» Work task: Images do not belong in the copy. Retype the entries exactly.
##########
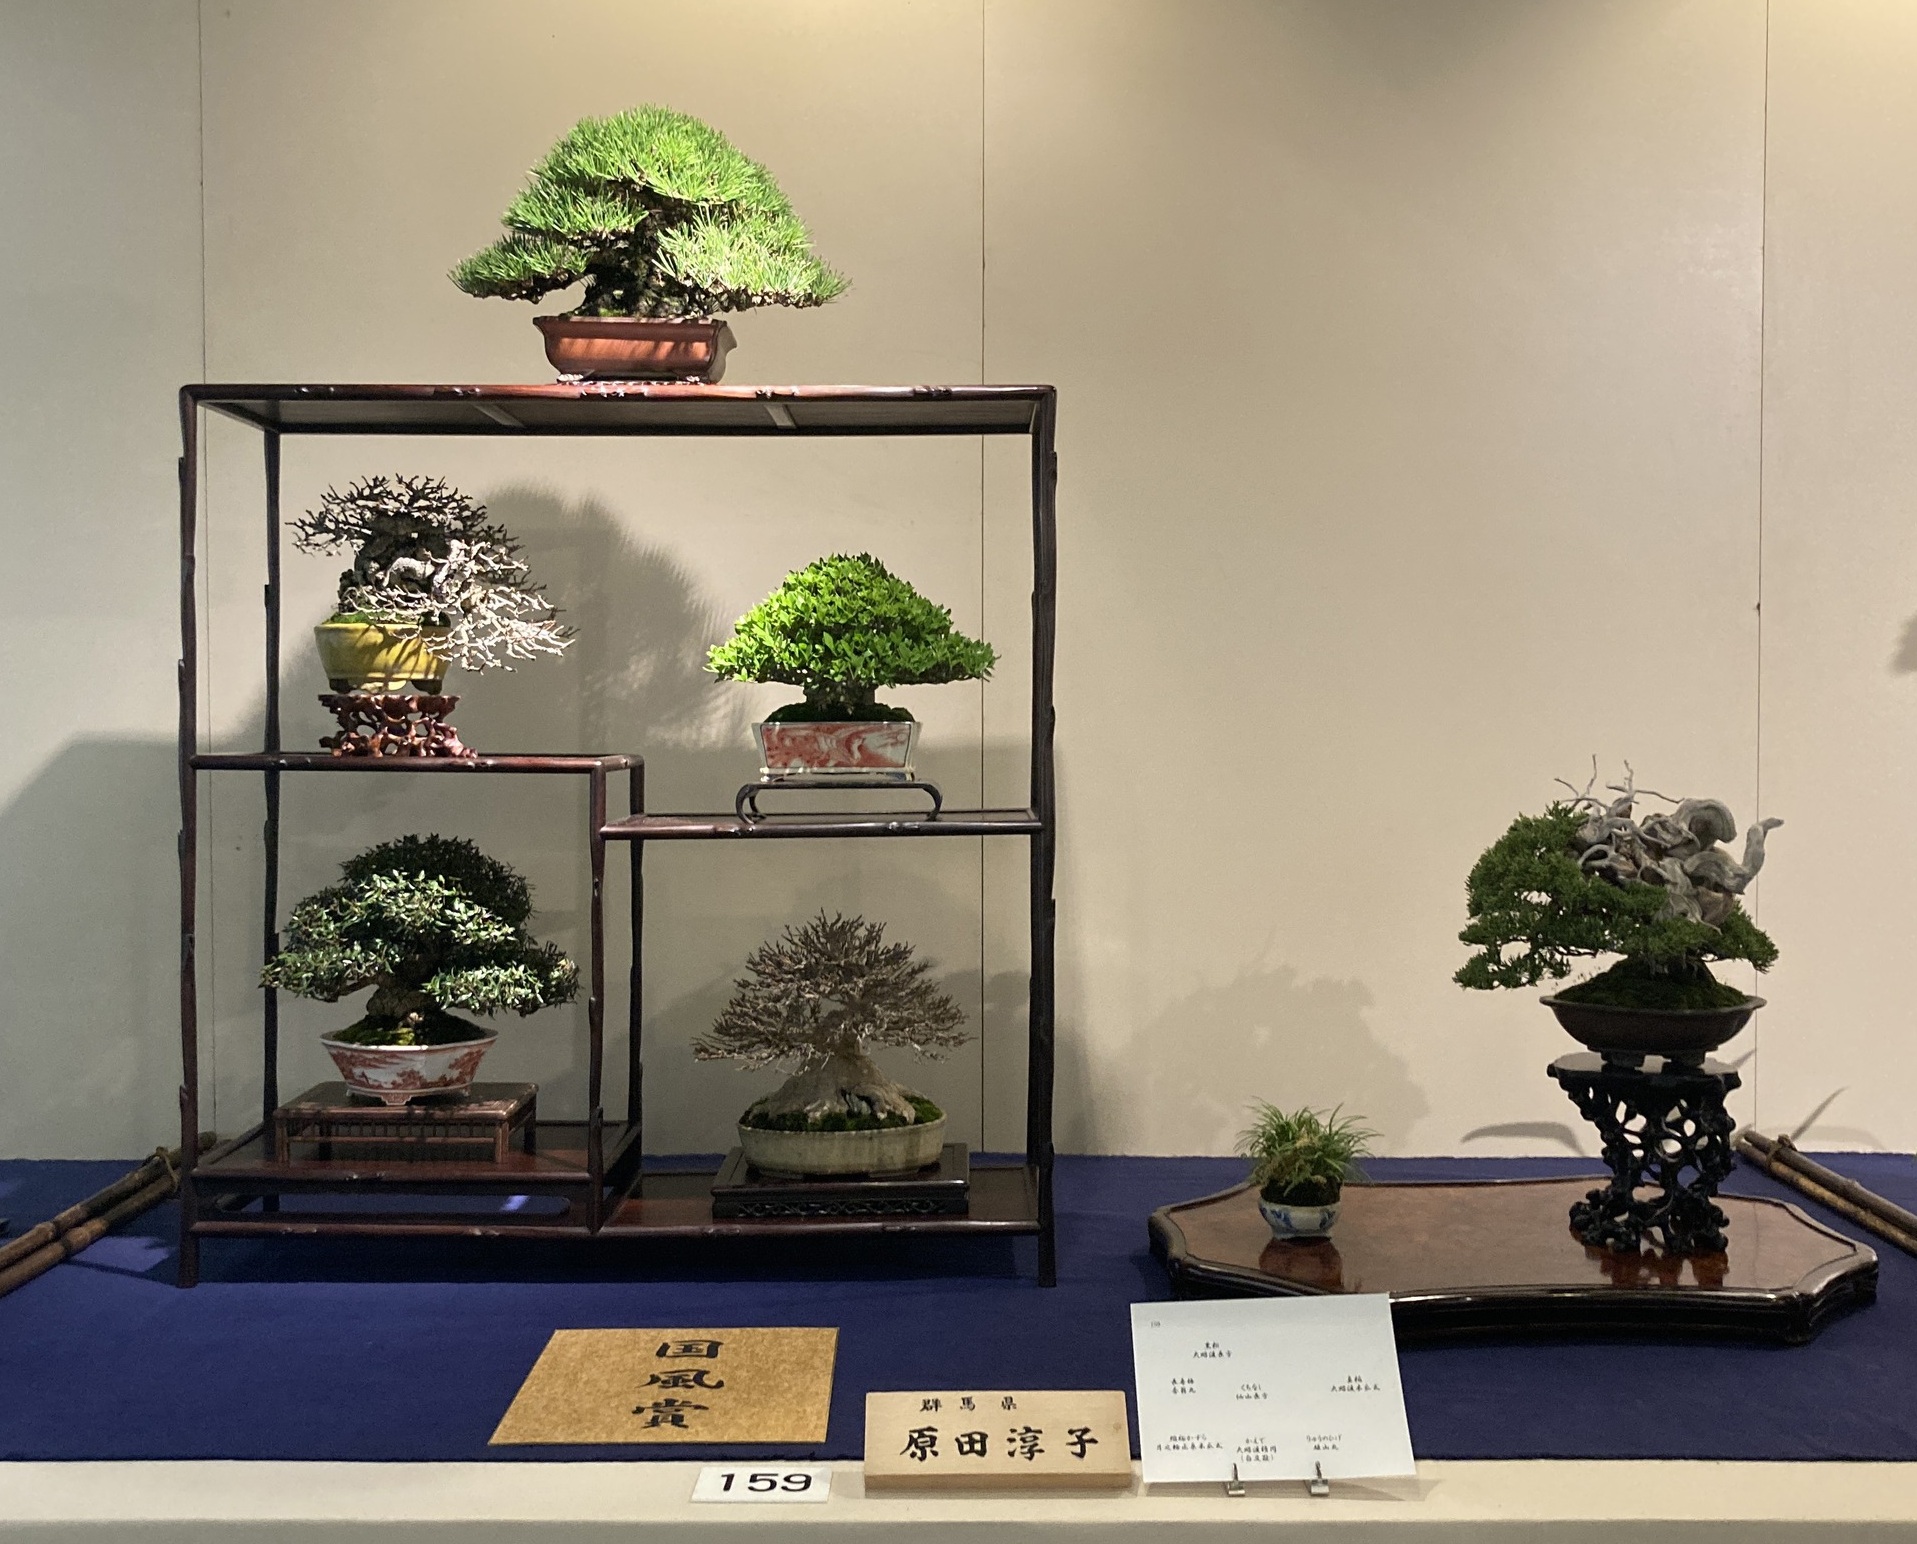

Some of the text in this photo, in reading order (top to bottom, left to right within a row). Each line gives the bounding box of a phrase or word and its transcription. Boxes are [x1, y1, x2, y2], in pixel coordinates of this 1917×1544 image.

[632, 1339, 725, 1429] 国風賞
[920, 1396, 1017, 1412] 群馬県
[899, 1425, 1099, 1462] 原田淳子
[721, 1472, 813, 1493] 159
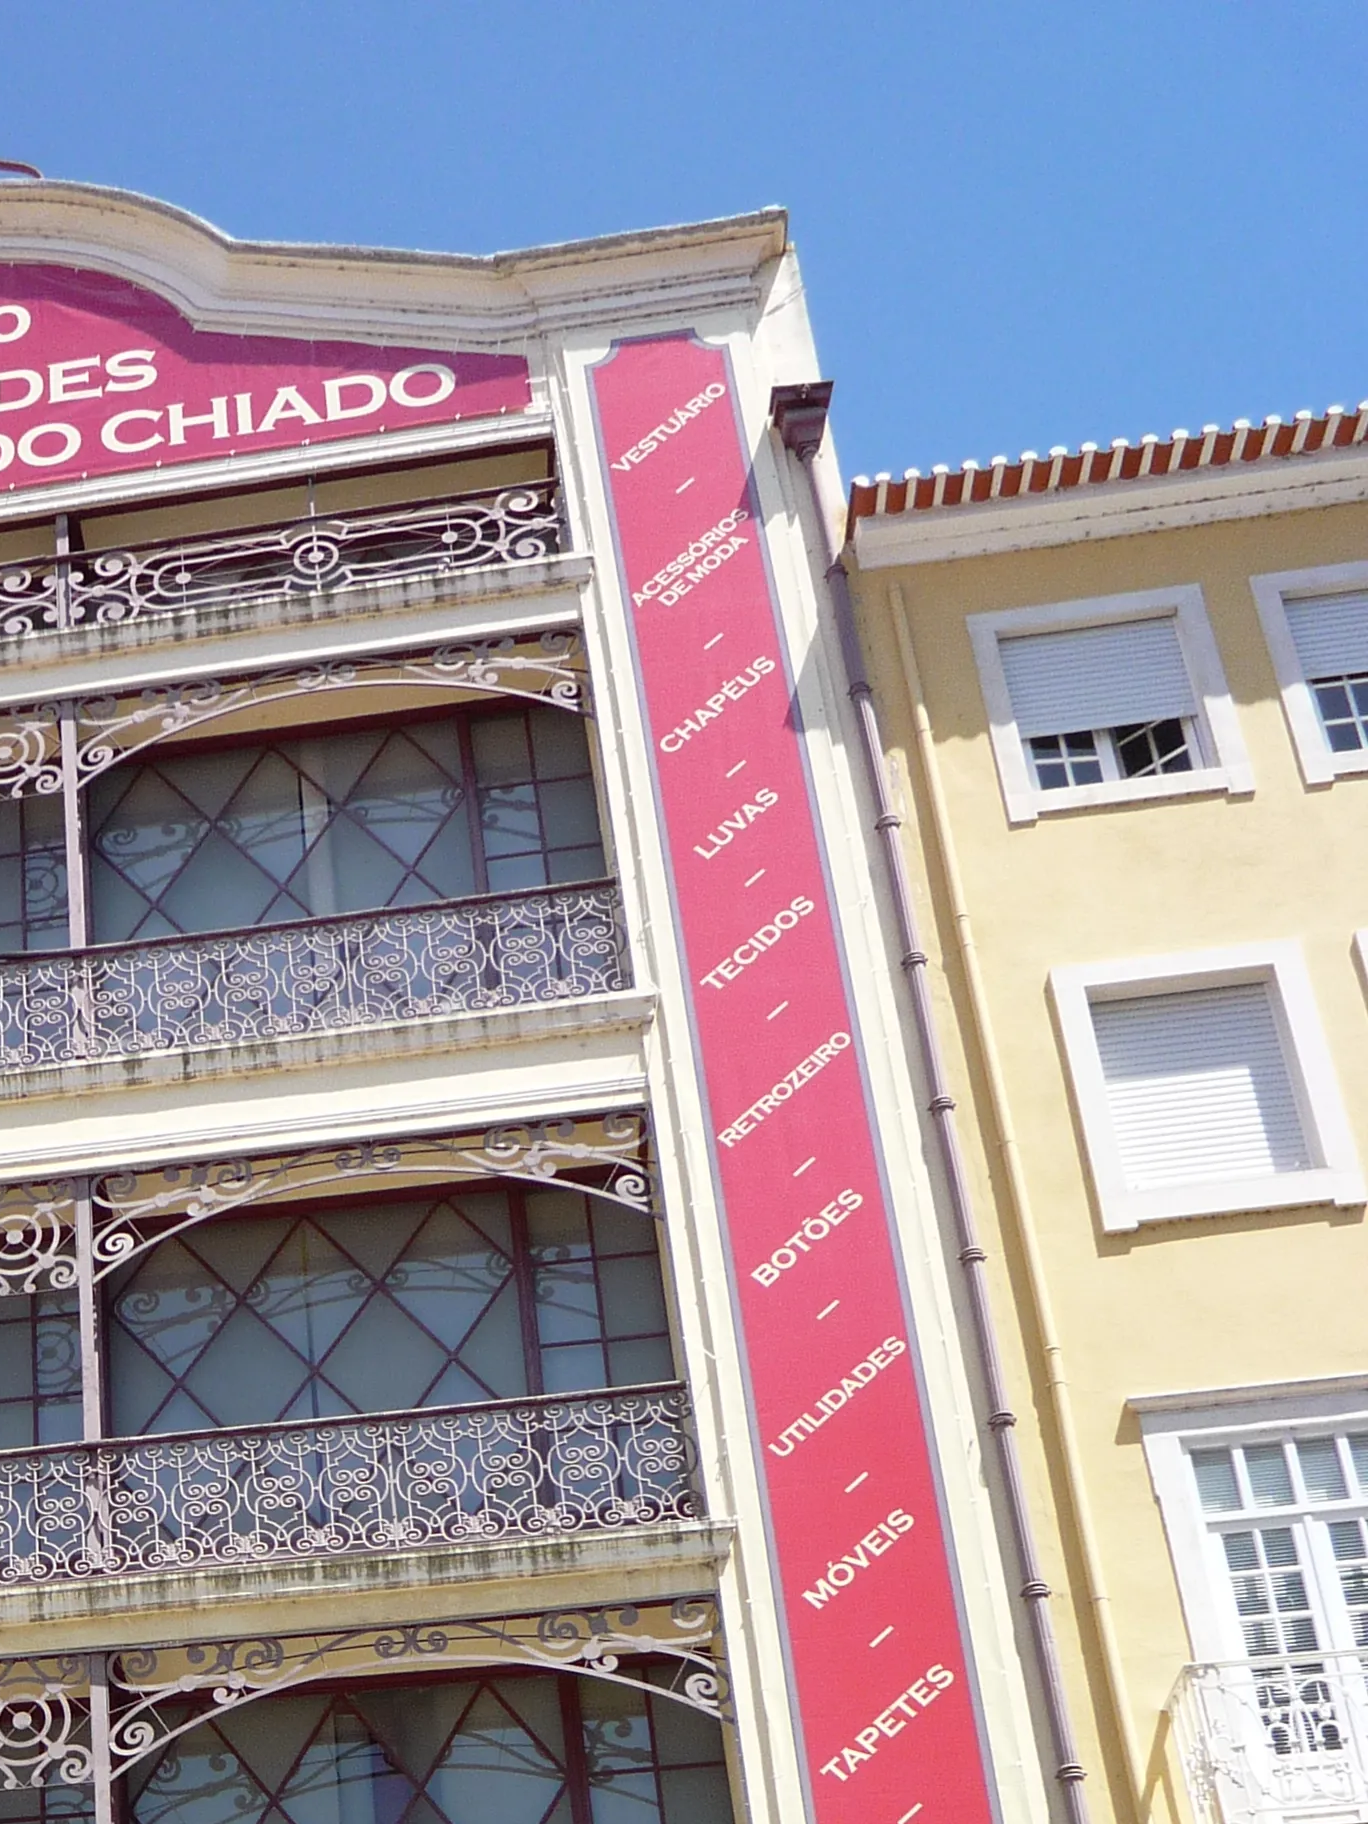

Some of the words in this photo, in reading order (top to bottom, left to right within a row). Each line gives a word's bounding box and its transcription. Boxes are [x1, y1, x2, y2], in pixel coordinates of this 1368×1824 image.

[100, 362, 457, 455] CHIADO
[611, 381, 727, 474] VESTUÁRIO
[631, 508, 750, 608] ACESSÓRIOS
[658, 583, 688, 608] DE
[685, 534, 750, 587] MODA
[659, 656, 776, 753] CHAPÉUS
[693, 788, 779, 860] LUVAS
[699, 896, 815, 990] TECIDOS
[717, 1031, 851, 1148] RETROZEIRO
[751, 1188, 863, 1288] BOTÕES
[768, 1335, 906, 1457] UTILIDADES
[801, 1508, 915, 1610] MÓVEIS
[820, 1664, 954, 1782] TAPETES
##########
» Output for this exercise:
Some of the text in this photo, in reading order (top to bottom, left to right within a row). Each line gives the bounding box of a phrase or word and its transcription. Boxes are [x1, y1, x2, y2], in pixel coordinates of this 1917×1544 image.

[632, 1339, 725, 1429] 国風賞
[920, 1396, 1017, 1412] 群馬県
[899, 1425, 1099, 1462] 原田淳子
[721, 1472, 813, 1493] 159

Some of the words in this photo, in reading order (top to bottom, left to right within a row). Each line gives a word's bounding box and its transcription. Boxes are [x1, y1, x2, y2], in pixel coordinates of this 1368×1824 image.

[100, 362, 457, 455] CHIADO
[611, 381, 727, 474] VESTUÁRIO
[631, 508, 750, 608] ACESSÓRIOS
[658, 583, 688, 608] DE
[685, 534, 750, 587] MODA
[659, 656, 776, 753] CHAPÉUS
[693, 788, 779, 860] LUVAS
[699, 896, 815, 990] TECIDOS
[717, 1031, 851, 1148] RETROZEIRO
[751, 1188, 863, 1288] BOTÕES
[768, 1335, 906, 1457] UTILIDADES
[801, 1508, 915, 1610] MÓVEIS
[820, 1664, 954, 1782] TAPETES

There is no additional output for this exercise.